Things that don’t look like yoga but are yoga
As long as I’ve understood that yoga is a practise (as the saying goes beautifully) to meet myself as I am I have practised it wherever and whenever. The time spent on the mat or being able to do specific asanas even as a yoga teacher hasn’t been something I’ve linked with ’being a yogi’ after I moved a bit forwards from my thoughts of yoga being a sweaty workout with a spiritual vibe. I’ve found it important and meaningful to integrate yoga as a part of my daily life understanding that I can’t ‘success’ in it all the time. There is no need to even use that word as yoga isn’t a competition.
The ’meeting myself’ can show up in so many ways - for example by not forcing myself into a pose that hurts but accepting my limits for today. Noticing my thoughts instead of being unaware and totally under control of them is a great practise to spend time with. Yoga is being with the thoughts, noticing them and noticing that there is that someone who is noticing. This way we are creating space between us and the thoughts. Learning to rest without feeling like it needs to be earned is a very fruitful practise in our modern lives that makes us easily feel like our accomplishments define us.

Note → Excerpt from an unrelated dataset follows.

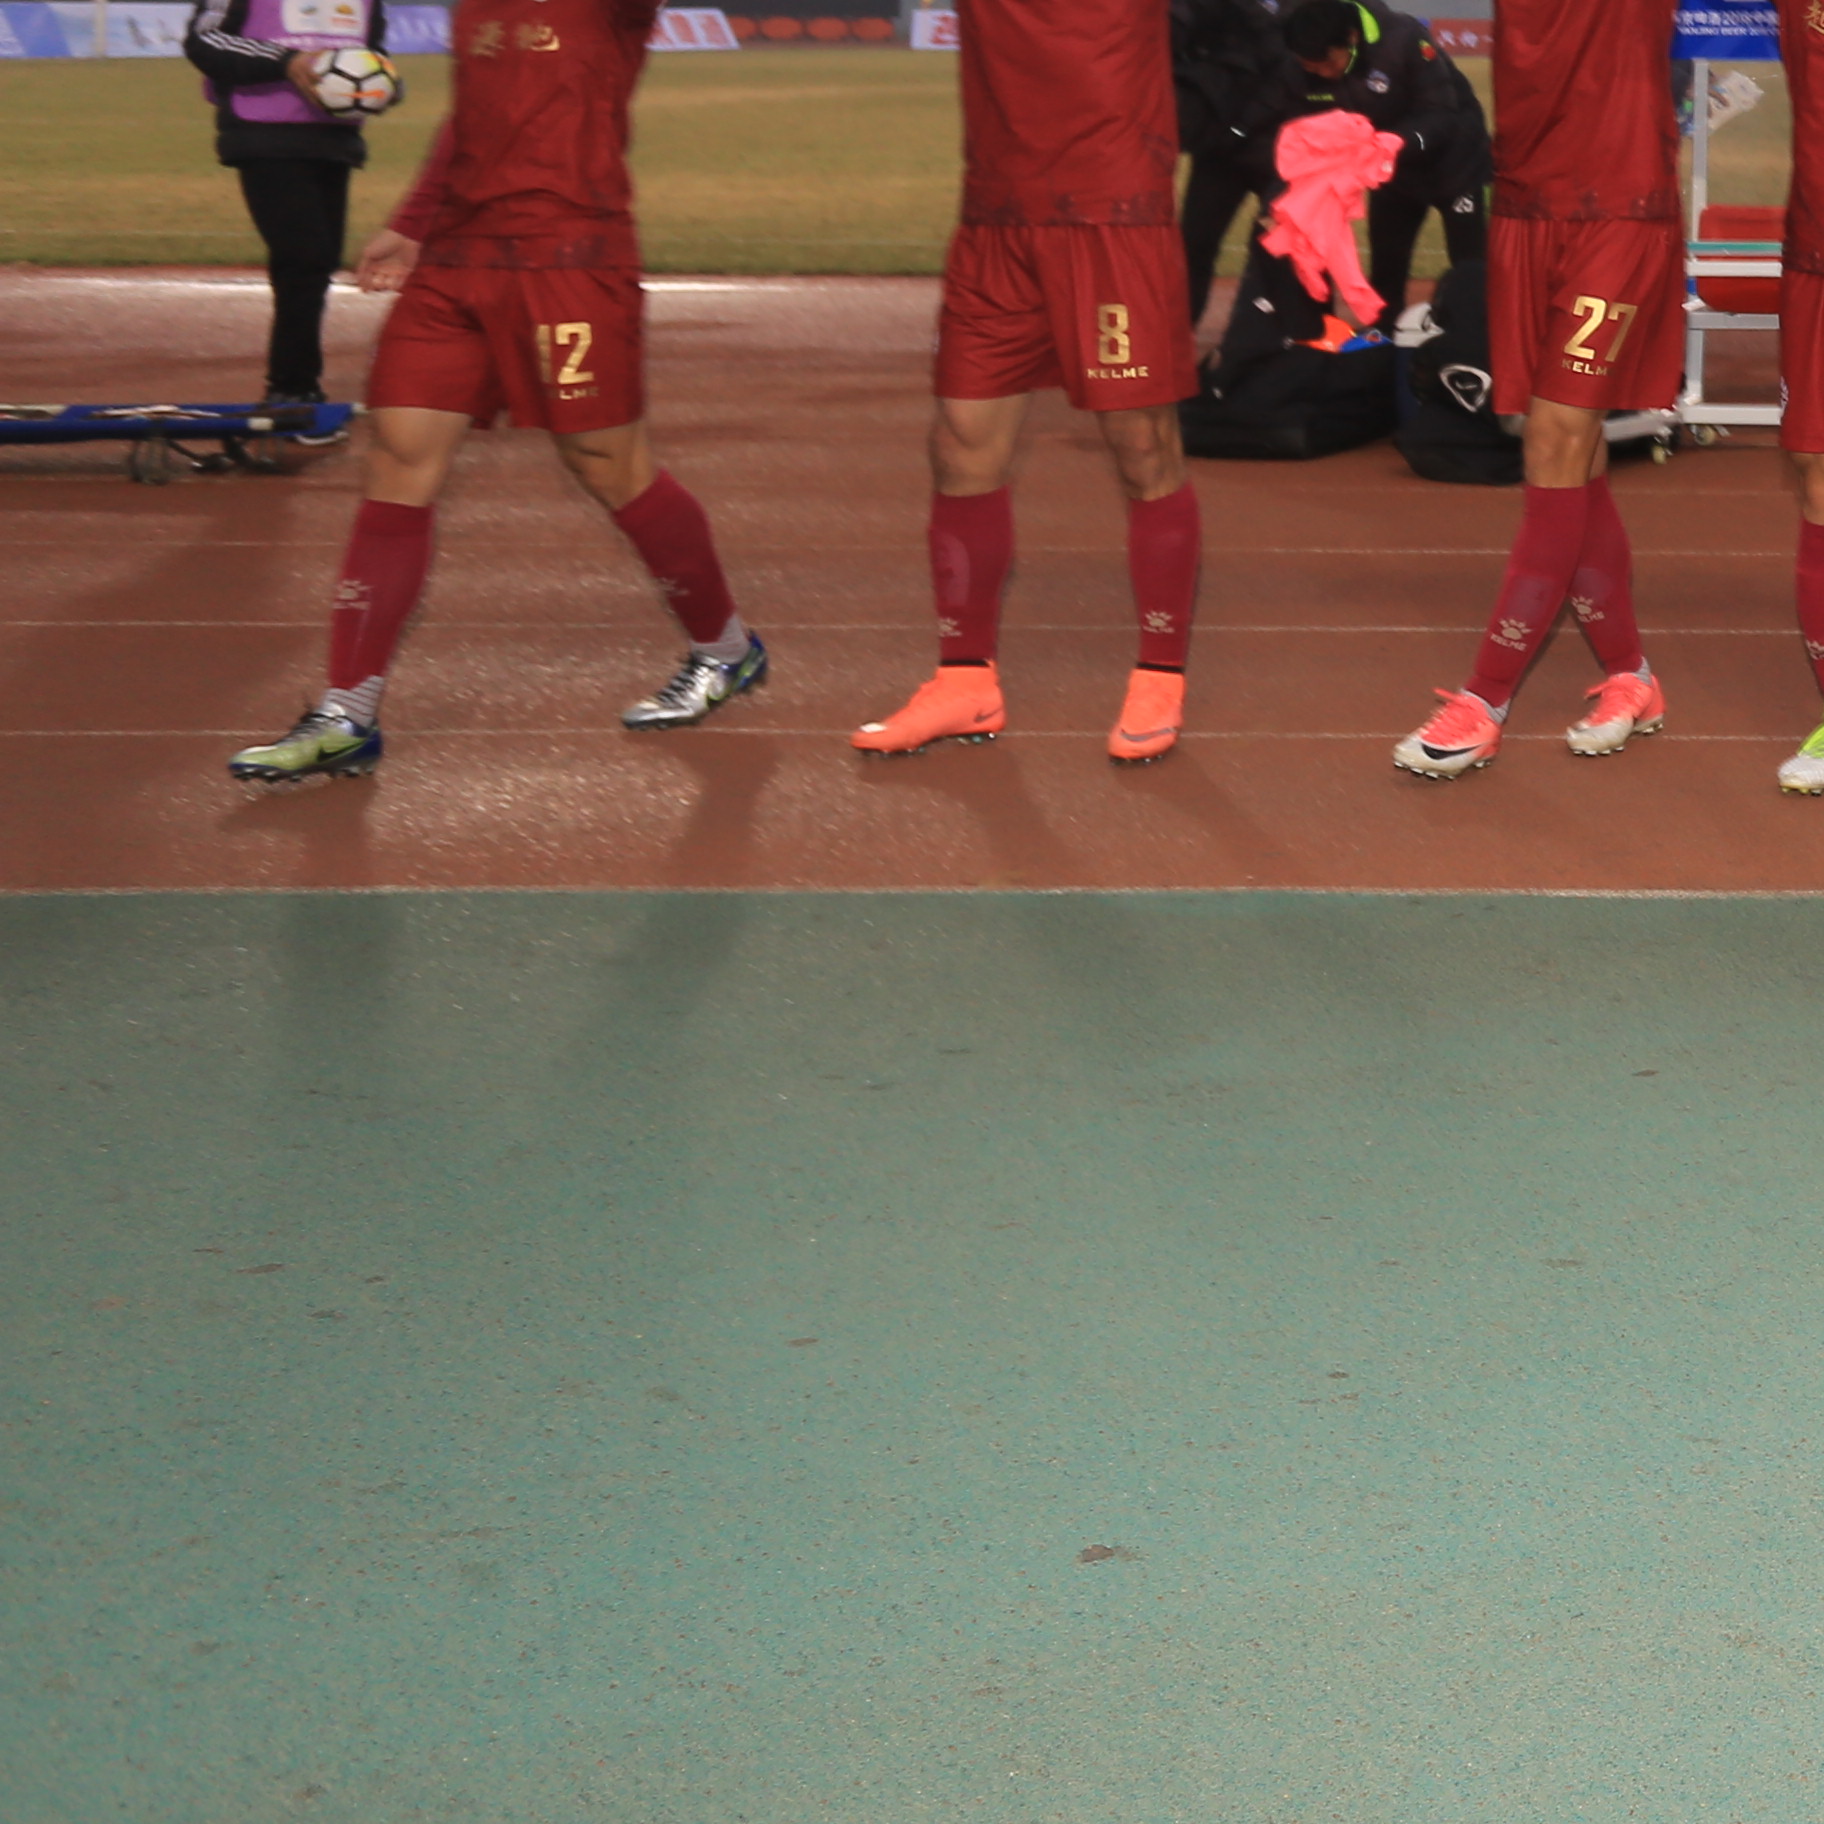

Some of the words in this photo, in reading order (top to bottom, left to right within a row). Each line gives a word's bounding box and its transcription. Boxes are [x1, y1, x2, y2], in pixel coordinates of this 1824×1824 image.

Yoga can manifest as challenging myself to do something that feels uncomfortable, on or off the mat or just sit with it. What I’m not familiar with is easy to avoid as the familiar is my nervous system’s safe place, even if it wouldn’t serve me. Familiar chaos might feel safer than an unfamiliar peace because at least it is known. Yoga is the awareness to notice this, too, and then proceed with an aligned action if needed. A great first step would be getting back into the body and taking a couple of deeper breaths.
Even as a yoga teacher I haven’t had a daily meditation routine at least the way we see meditation — sitting in crossed-legged pose in stillness. I haven’t had a physical routine either even though I do something good to my body every day. I have thought that yoga should be with me equally on or off the mat and especially in everyday moments with people I meet, myself included. It can’t be happening just on the mat.
Yoga has been an on-going practice for me. I can also forget everything I know in a second and go instead with my ego’s story. Thanks to years of practise I know how to get back. A conversation with presence is yoga and I feel that it’s many times so much harder than balancing in a yoga pose as the ego wants to be right and prove it. Yoga is simply being. The being is our deepest essence, as yoga suggests.
Yoga is being with whatever there is. This insight helps to correct the assumption I hear many times that practising yoga means to be calm. If you’re wondering that your yoga practise must be failing because thoughts and emotions keep on rising and serenity seems so far away, please know that it’s surely not. I want to remind or to shock you that even being a yoga teacher doesn’t mean to be calm all the time. The thing is to feel as we are humans, to shine the light of ours and expanding to our full potential. Luckily, many times being in the now does feel calm. Yoga practise might also manifest by not reacting to every opinion of others. This might look calm but it’s a practise happening on the inside.
What doesn’t look like typical yoga but is yoga is when we start to slow down and lower the walls that we’ve build over time, the walls that we’ve now discovered due to the awareness, due to yoga. The pausing can feel unfamiliar and because of that, uncomfortable, which makes it tempting to avoid. Staying with the unfamiliar is yoga. This is so much easier to say than to practise so let’s be compassionate towards ourselves and others. Yoga is about travelling to the center of our beings, through those layers that have been kindly trying to protect us over the years. Yoga suggests that safety is found within. I find it not just beautiful and comforting but also logical as everything around us is temporary yet we get so attached to it.
Yoga, the practise of now isn’t a quick fix we’d prefer but a lifelong practise full of tools to help with navigating through our unique paths. Yoga is getting connected with ourselves. Only that way we can truly connect with others, too.